Data extract section start

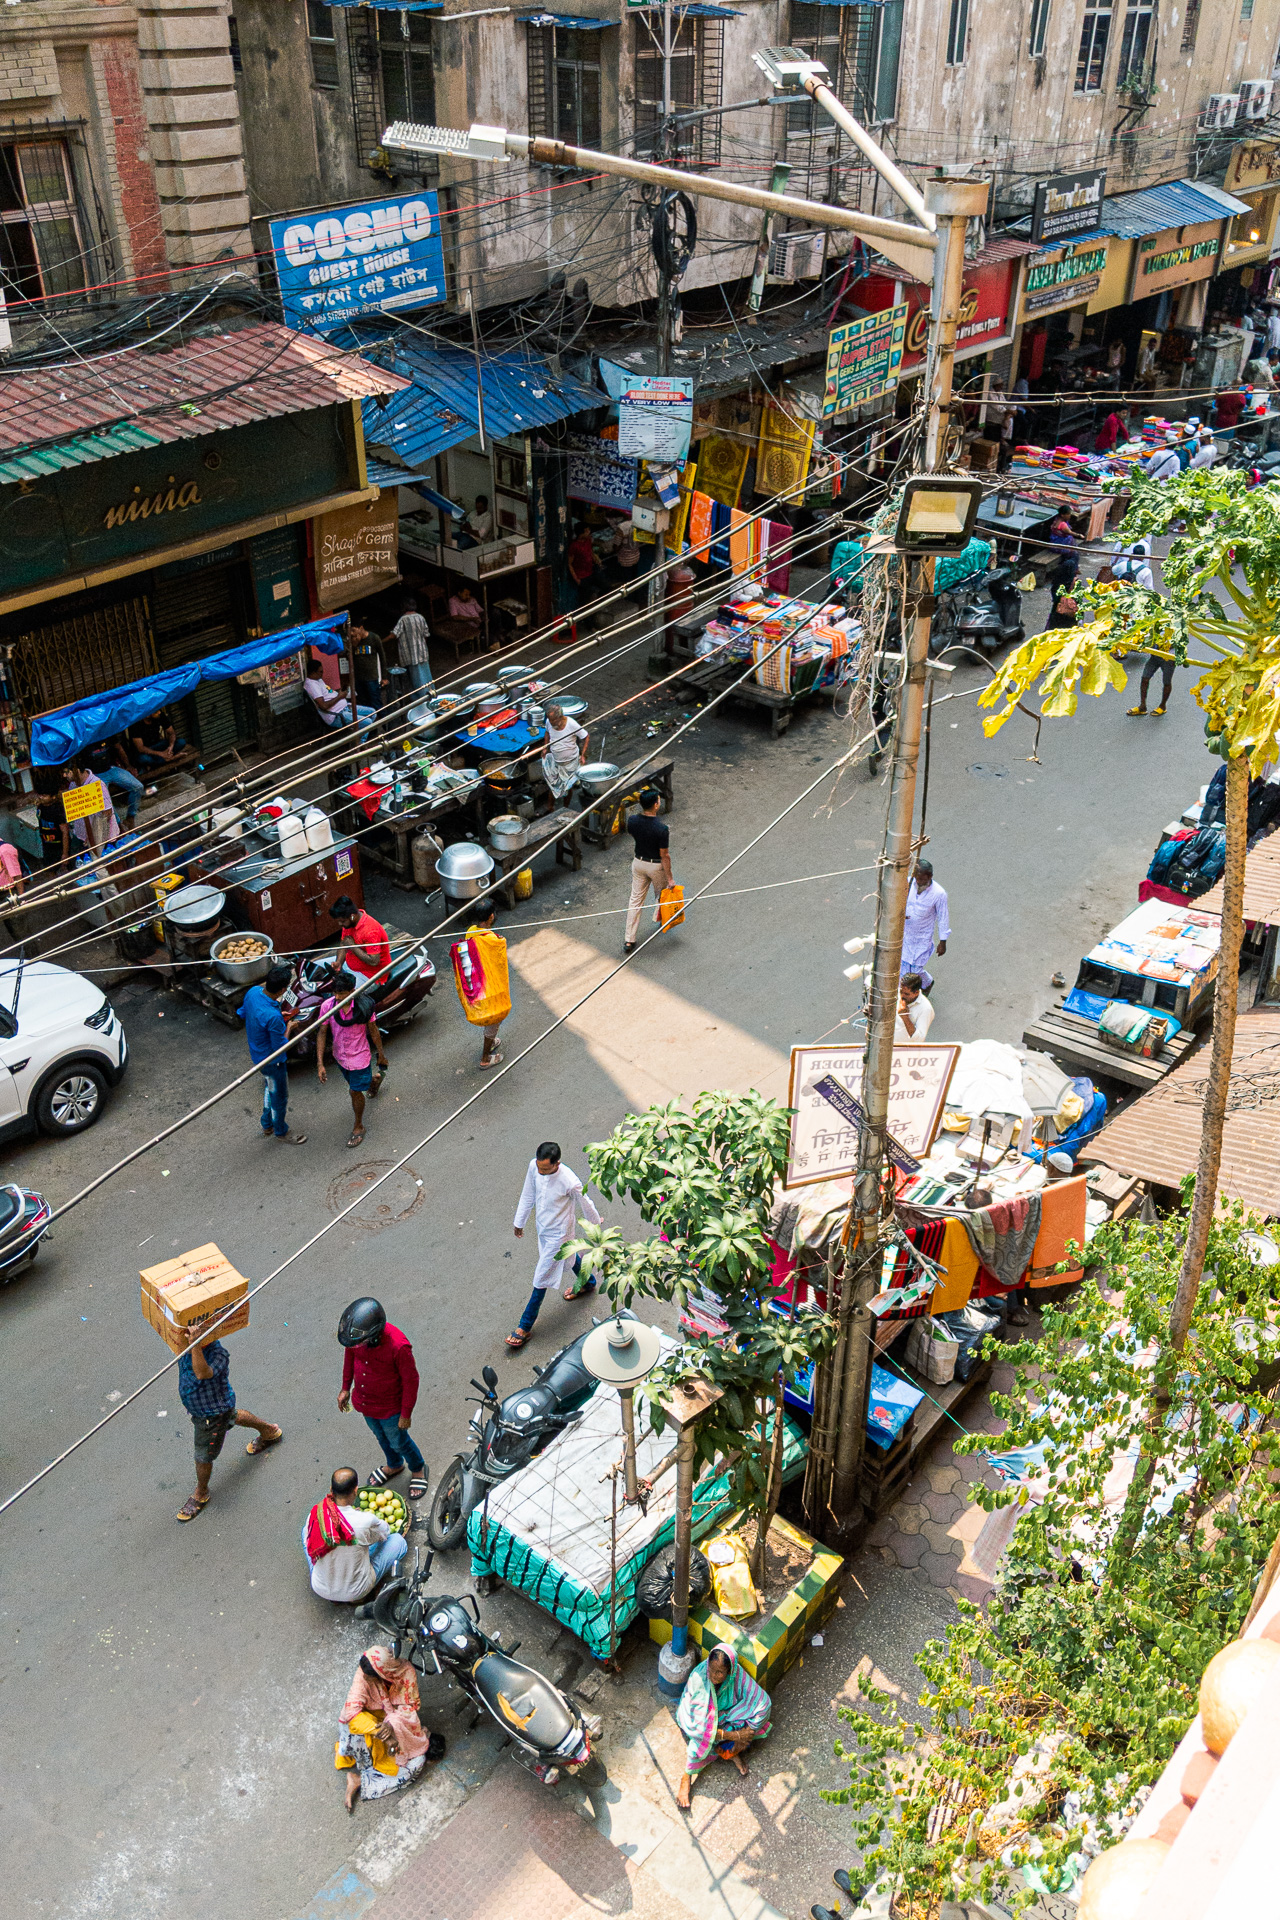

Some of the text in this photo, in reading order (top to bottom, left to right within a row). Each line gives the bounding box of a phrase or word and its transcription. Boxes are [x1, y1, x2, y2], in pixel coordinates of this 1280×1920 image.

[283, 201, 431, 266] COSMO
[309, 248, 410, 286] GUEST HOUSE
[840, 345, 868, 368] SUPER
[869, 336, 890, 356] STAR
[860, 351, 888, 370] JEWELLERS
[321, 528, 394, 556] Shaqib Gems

Data extract section end

## Task to complete
Leave the pictures out. Repeat every entry above exactly.

## Task answer
Some of the text in this photo, in reading order (top to bottom, left to right within a row). Each line gives the bounding box of a phrase or word and its transcription. Boxes are [x1, y1, x2, y2], in pixel coordinates of this 1280×1920 image.

[283, 201, 431, 266] COSMO
[309, 248, 410, 286] GUEST HOUSE
[840, 345, 868, 368] SUPER
[869, 336, 890, 356] STAR
[860, 351, 888, 370] JEWELLERS
[321, 528, 394, 556] Shaqib Gems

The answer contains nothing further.